━━ Excerpted data ━━
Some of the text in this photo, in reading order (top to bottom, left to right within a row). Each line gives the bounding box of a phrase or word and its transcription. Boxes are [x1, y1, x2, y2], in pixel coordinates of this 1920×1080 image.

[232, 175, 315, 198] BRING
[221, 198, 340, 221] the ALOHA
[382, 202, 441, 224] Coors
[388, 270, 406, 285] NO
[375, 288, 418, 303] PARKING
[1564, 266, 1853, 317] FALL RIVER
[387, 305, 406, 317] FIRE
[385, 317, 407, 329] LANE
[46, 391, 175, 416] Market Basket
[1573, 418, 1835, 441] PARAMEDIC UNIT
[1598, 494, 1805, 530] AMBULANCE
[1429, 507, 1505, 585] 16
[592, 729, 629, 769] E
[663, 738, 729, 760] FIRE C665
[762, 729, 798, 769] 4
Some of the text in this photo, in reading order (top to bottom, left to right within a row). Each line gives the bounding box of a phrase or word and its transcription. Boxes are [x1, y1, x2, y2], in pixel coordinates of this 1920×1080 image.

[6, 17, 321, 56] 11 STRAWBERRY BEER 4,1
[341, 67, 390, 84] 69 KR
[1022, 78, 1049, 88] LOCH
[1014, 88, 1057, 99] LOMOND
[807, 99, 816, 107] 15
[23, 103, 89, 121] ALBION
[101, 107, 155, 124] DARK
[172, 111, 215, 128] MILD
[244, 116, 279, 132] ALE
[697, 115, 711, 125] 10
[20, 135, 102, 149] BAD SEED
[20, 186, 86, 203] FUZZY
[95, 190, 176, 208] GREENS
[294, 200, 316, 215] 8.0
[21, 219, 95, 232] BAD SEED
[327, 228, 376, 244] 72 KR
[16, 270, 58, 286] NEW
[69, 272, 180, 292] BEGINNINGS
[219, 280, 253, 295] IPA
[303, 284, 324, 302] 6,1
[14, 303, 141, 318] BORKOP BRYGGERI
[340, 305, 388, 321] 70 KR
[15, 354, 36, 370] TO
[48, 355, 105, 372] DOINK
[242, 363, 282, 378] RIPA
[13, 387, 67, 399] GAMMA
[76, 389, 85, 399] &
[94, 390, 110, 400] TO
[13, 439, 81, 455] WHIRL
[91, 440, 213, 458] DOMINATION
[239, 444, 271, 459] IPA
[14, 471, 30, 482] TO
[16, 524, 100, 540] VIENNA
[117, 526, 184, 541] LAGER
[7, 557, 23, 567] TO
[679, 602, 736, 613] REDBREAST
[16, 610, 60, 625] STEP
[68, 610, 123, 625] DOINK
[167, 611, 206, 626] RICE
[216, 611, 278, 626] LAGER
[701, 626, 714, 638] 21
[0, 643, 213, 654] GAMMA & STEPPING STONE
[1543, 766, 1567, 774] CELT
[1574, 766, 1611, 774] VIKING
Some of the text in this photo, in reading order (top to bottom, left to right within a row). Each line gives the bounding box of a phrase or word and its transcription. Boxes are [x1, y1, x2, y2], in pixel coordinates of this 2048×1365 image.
━━━
■ **Exercise objective**
Nothing above should be left out; write out every record exactly.

■ **Solution to the problem**
Some of the text in this photo, in reading order (top to bottom, left to right within a row). Each line gives the bounding box of a phrase or word and its transcription. Boxes are [x1, y1, x2, y2], in pixel coordinates of this 1920×1080 image.

[232, 175, 315, 198] BRING
[221, 198, 340, 221] the ALOHA
[382, 202, 441, 224] Coors
[388, 270, 406, 285] NO
[375, 288, 418, 303] PARKING
[1564, 266, 1853, 317] FALL RIVER
[387, 305, 406, 317] FIRE
[385, 317, 407, 329] LANE
[46, 391, 175, 416] Market Basket
[1573, 418, 1835, 441] PARAMEDIC UNIT
[1598, 494, 1805, 530] AMBULANCE
[1429, 507, 1505, 585] 16
[592, 729, 629, 769] E
[663, 738, 729, 760] FIRE C665
[762, 729, 798, 769] 4
Some of the text in this photo, in reading order (top to bottom, left to right within a row). Each line gives the bounding box of a phrase or word and its transcription. Boxes are [x1, y1, x2, y2], in pixel coordinates of this 1920×1080 image.

[6, 17, 321, 56] 11 STRAWBERRY BEER 4,1
[341, 67, 390, 84] 69 KR
[1022, 78, 1049, 88] LOCH
[1014, 88, 1057, 99] LOMOND
[807, 99, 816, 107] 15
[23, 103, 89, 121] ALBION
[101, 107, 155, 124] DARK
[172, 111, 215, 128] MILD
[244, 116, 279, 132] ALE
[697, 115, 711, 125] 10
[20, 135, 102, 149] BAD SEED
[20, 186, 86, 203] FUZZY
[95, 190, 176, 208] GREENS
[294, 200, 316, 215] 8.0
[21, 219, 95, 232] BAD SEED
[327, 228, 376, 244] 72 KR
[16, 270, 58, 286] NEW
[69, 272, 180, 292] BEGINNINGS
[219, 280, 253, 295] IPA
[303, 284, 324, 302] 6,1
[14, 303, 141, 318] BORKOP BRYGGERI
[340, 305, 388, 321] 70 KR
[15, 354, 36, 370] TO
[48, 355, 105, 372] DOINK
[242, 363, 282, 378] RIPA
[13, 387, 67, 399] GAMMA
[76, 389, 85, 399] &
[94, 390, 110, 400] TO
[13, 439, 81, 455] WHIRL
[91, 440, 213, 458] DOMINATION
[239, 444, 271, 459] IPA
[14, 471, 30, 482] TO
[16, 524, 100, 540] VIENNA
[117, 526, 184, 541] LAGER
[7, 557, 23, 567] TO
[679, 602, 736, 613] REDBREAST
[16, 610, 60, 625] STEP
[68, 610, 123, 625] DOINK
[167, 611, 206, 626] RICE
[216, 611, 278, 626] LAGER
[701, 626, 714, 638] 21
[0, 643, 213, 654] GAMMA & STEPPING STONE
[1543, 766, 1567, 774] CELT
[1574, 766, 1611, 774] VIKING
Some of the text in this photo, in reading order (top to bottom, left to right within a row). Each line gives the bounding box of a phrase or word and its transcription. Boxes are [x1, y1, x2, y2], in pixel coordinates of this 2048×1365 image.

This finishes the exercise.